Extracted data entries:
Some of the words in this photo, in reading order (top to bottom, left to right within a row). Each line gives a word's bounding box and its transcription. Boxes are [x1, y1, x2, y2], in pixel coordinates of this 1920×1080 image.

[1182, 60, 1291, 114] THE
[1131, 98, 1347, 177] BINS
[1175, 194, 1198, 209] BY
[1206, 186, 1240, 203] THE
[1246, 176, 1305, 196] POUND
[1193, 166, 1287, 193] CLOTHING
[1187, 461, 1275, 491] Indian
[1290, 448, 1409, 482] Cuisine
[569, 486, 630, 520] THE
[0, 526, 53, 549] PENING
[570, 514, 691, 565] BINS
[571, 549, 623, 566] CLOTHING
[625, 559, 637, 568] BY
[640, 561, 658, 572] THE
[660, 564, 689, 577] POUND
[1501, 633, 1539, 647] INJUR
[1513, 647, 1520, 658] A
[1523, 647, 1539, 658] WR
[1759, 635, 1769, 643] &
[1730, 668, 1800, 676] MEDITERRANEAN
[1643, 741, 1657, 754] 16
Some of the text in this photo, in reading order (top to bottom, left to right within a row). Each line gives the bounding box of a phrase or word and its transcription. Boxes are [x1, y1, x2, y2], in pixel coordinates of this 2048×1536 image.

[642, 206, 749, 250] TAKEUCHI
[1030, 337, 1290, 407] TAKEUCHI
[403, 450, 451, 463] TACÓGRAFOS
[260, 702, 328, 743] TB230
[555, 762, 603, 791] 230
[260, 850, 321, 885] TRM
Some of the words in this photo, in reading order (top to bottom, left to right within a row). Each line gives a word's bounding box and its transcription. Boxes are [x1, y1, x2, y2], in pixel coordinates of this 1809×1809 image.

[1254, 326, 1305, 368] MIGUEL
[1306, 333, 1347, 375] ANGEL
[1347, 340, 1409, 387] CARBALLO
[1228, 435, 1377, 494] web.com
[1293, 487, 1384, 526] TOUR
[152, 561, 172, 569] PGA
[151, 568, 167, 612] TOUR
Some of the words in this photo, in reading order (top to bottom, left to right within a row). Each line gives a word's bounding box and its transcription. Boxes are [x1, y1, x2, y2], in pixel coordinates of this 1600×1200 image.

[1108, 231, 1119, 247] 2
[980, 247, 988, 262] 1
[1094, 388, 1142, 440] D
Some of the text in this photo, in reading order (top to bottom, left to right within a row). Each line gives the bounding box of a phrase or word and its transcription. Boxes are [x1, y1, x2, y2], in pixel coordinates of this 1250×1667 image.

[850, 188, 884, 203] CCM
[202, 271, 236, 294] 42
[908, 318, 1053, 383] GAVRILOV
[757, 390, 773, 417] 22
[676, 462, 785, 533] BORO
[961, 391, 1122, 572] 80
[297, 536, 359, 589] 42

§ **Task prompt**
Starting at the line that contains "this 1250×1667 image.", copy every line down to the last line of the records above, exactly as written.

§ **Reply to the exercise**
Some of the text in this photo, in reading order (top to bottom, left to right within a row). Each line gives the bounding box of a phrase or word and its transcription. Boxes are [x1, y1, x2, y2], in pixel coordinates of this 1250×1667 image.

[850, 188, 884, 203] CCM
[202, 271, 236, 294] 42
[908, 318, 1053, 383] GAVRILOV
[757, 390, 773, 417] 22
[676, 462, 785, 533] BORO
[961, 391, 1122, 572] 80
[297, 536, 359, 589] 42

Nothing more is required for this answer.